Here's How An Anxiety Attack During Pregnancy Can Impact Your Baby, According To Experts

Pregnancy is not for the faint of heart, even under the best of circumstances, and for a woman who battles anxiety, pregnancy can be a particularly hard time. Not only do you have plenty of new things to be concerned about, but you also worry that the anxiety itself will affect your little one. If a gestating woman finds herself in these shoes, how concerned should she be? Can an anxiety attack hurt your baby during pregnancy? It's definitely something you want to keep under control.

According to a medically reviewed article in Everyday Health, up to 10 percent of pregnant women experience panic attacks, the symptoms of which include rapid heartbeat, chest pain, trembling, breathing difficulty, and/or dizziness. Although impact on the developing fetus is not inevitable, pregnant women should be aware that such impact is possible.

Psychologist Dr. Gina Hassan is quoted by Everyday Health as having said that “Blood flow to the fetus is reduced when their mothers are experiencing high anxiety, which can lead to low birth weight and premature labor." The article also noted that major panic attacks can affect the mother-child relationship even after birth, as a mother’s ability to cope in the postpartum period may be challenged.
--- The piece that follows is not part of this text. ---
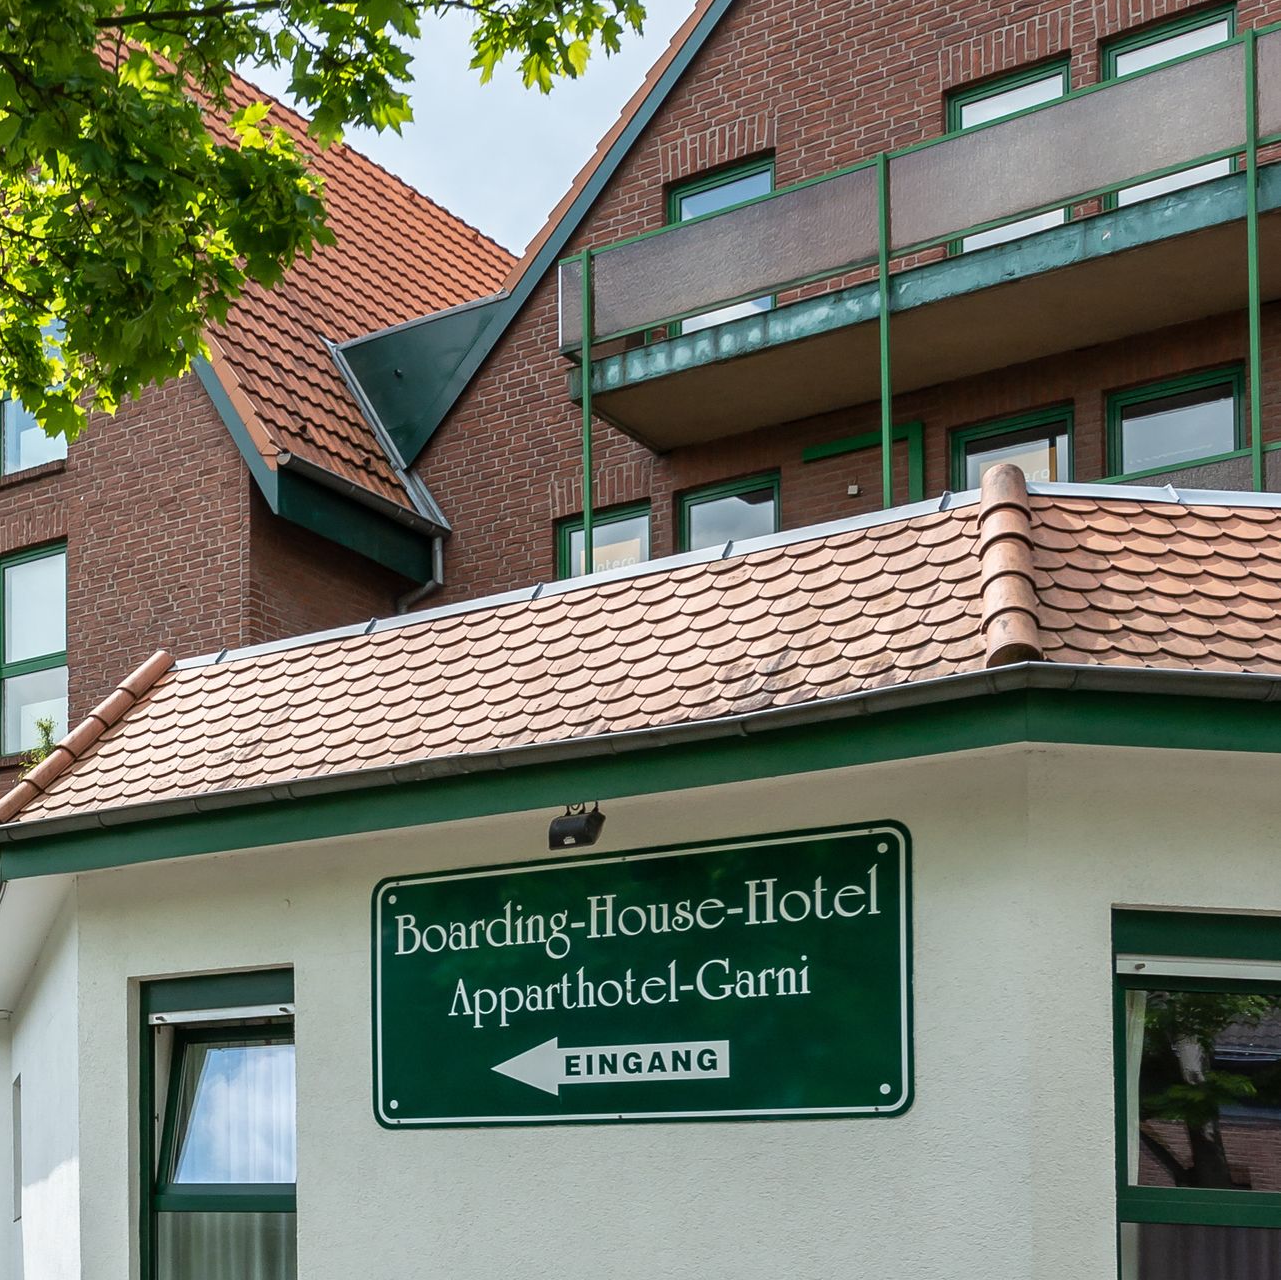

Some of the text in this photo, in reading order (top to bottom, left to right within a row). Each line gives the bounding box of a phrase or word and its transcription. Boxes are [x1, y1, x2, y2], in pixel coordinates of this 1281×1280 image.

Minnesota-based marriage and family therapist Crystal Clancy tells Romper, "Research is showing that pregnant women who experience chronic anxiety during pregnancy are more likely to experience pre-term labor, low birth weight babies, and fussy babies. This also creates a higher risk of postpartum depression, anxiety or OCD, and PTSD. A new mom who cannot sleep is at risk for postpartum psychosis."

But how do you know if your anxiety is serious enough to have such effects? Clancy says the term "chronic anxiety" refers to those who are frequently in high stress settings — an abusive marriage, a dangerous neighborhood, or an extremely high stress job, for example. "It is normal to have some level of stress in life, and good to know that those daily stressors, or even something stressful happening during your pregnancy, such as a job loss or loss of a loved one, are not necessarily going to affect your pregnancy," Clancy clarifies. "It is important to look at the overall picture, reduce stressors wherever possible, and learn healthy ways to manage anxiety, such as therapy, relaxation techniques, meditation, and in some cases, medication."

If you have concerns about your anxiety, talk to your healthcare provider about exploring your options. Starting with therapy might help, and there are some anxiety medications that can be taken during pregnancy, too. Don't hesitate to reach out for help — it doesn't make you less of a mother, it makes you a braver one.